▶ **WHAT YOU HAVE TO DO**: Copy out the records in full, word for word, without pictures.
━━━ DATA FOR THE TASK
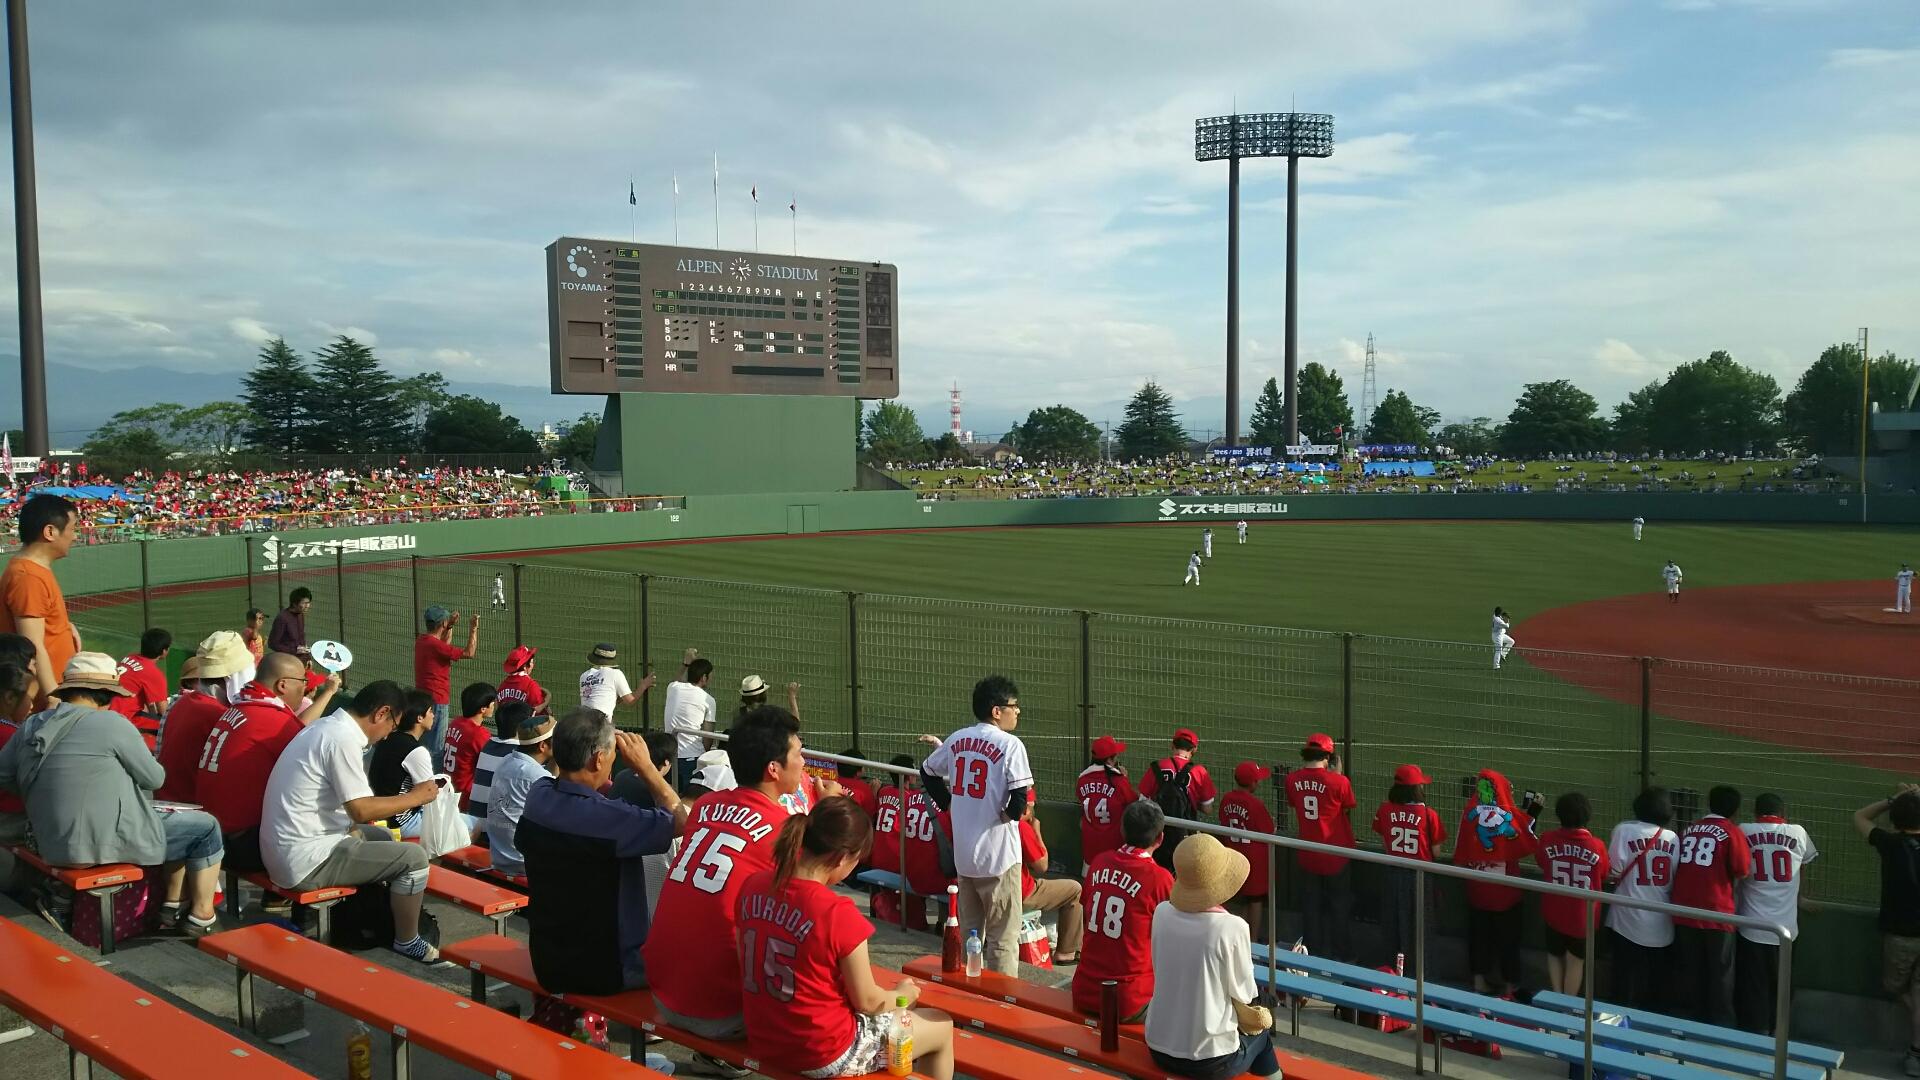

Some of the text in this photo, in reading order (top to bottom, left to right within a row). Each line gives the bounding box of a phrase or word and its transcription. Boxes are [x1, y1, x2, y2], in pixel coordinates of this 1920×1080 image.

[676, 258, 818, 281] ALPEN STADIUM
[561, 282, 603, 292] TOYAMA
[680, 282, 684, 290] 1
[689, 283, 695, 291] 2
[699, 283, 705, 291] 3
[718, 285, 724, 293] 5
[736, 286, 742, 294] 7
[745, 286, 751, 294] 8
[755, 287, 760, 295] 9
[763, 288, 771, 296] 10
[775, 288, 781, 296] R
[797, 290, 803, 298] H
[816, 291, 821, 299] E
[664, 318, 670, 326] B
[664, 326, 671, 334] S
[709, 320, 716, 328] H
[710, 328, 715, 336] E
[733, 330, 744, 339] PL
[765, 332, 775, 340] 1B
[664, 351, 677, 359] AV
[734, 343, 804, 354] 2B 3B R
[665, 363, 677, 371] HR
[670, 514, 680, 522] 122
[1180, 502, 1288, 514] スズキ自販富山
[288, 534, 416, 559] スズキ自販富山
[199, 727, 229, 773] 51
[952, 756, 988, 800] 13
[1295, 780, 1326, 793] MARU
[876, 807, 896, 832] 15
[1083, 797, 1110, 823] 14
[1304, 795, 1319, 820] 9
[1391, 811, 1421, 826] ARAI
[698, 803, 773, 842] KURODA
[905, 808, 934, 841] 30
[1391, 826, 1419, 855] 25
[1680, 836, 1716, 867] 38
[669, 827, 747, 894] 15
[1546, 844, 1600, 865] ELDRED
[1752, 849, 1792, 882] 10
[1636, 853, 1672, 887] 19
[1092, 868, 1141, 898] MAEDA
[741, 894, 814, 943] KURODA
[1088, 891, 1126, 939] 18
[743, 928, 797, 1002] 15
━━━━━━
▶ **WRITTEN ANSWER**:
Some of the text in this photo, in reading order (top to bottom, left to right within a row). Each line gives the bounding box of a phrase or word and its transcription. Boxes are [x1, y1, x2, y2], in pixel coordinates of this 1920×1080 image.

[676, 258, 818, 281] ALPEN STADIUM
[561, 282, 603, 292] TOYAMA
[680, 282, 684, 290] 1
[689, 283, 695, 291] 2
[699, 283, 705, 291] 3
[718, 285, 724, 293] 5
[736, 286, 742, 294] 7
[745, 286, 751, 294] 8
[755, 287, 760, 295] 9
[763, 288, 771, 296] 10
[775, 288, 781, 296] R
[797, 290, 803, 298] H
[816, 291, 821, 299] E
[664, 318, 670, 326] B
[664, 326, 671, 334] S
[709, 320, 716, 328] H
[710, 328, 715, 336] E
[733, 330, 744, 339] PL
[765, 332, 775, 340] 1B
[664, 351, 677, 359] AV
[734, 343, 804, 354] 2B 3B R
[665, 363, 677, 371] HR
[670, 514, 680, 522] 122
[1180, 502, 1288, 514] スズキ自販富山
[288, 534, 416, 559] スズキ自販富山
[199, 727, 229, 773] 51
[952, 756, 988, 800] 13
[1295, 780, 1326, 793] MARU
[876, 807, 896, 832] 15
[1083, 797, 1110, 823] 14
[1304, 795, 1319, 820] 9
[1391, 811, 1421, 826] ARAI
[698, 803, 773, 842] KURODA
[905, 808, 934, 841] 30
[1391, 826, 1419, 855] 25
[1680, 836, 1716, 867] 38
[669, 827, 747, 894] 15
[1546, 844, 1600, 865] ELDRED
[1752, 849, 1792, 882] 10
[1636, 853, 1672, 887] 19
[1092, 868, 1141, 898] MAEDA
[741, 894, 814, 943] KURODA
[1088, 891, 1126, 939] 18
[743, 928, 797, 1002] 15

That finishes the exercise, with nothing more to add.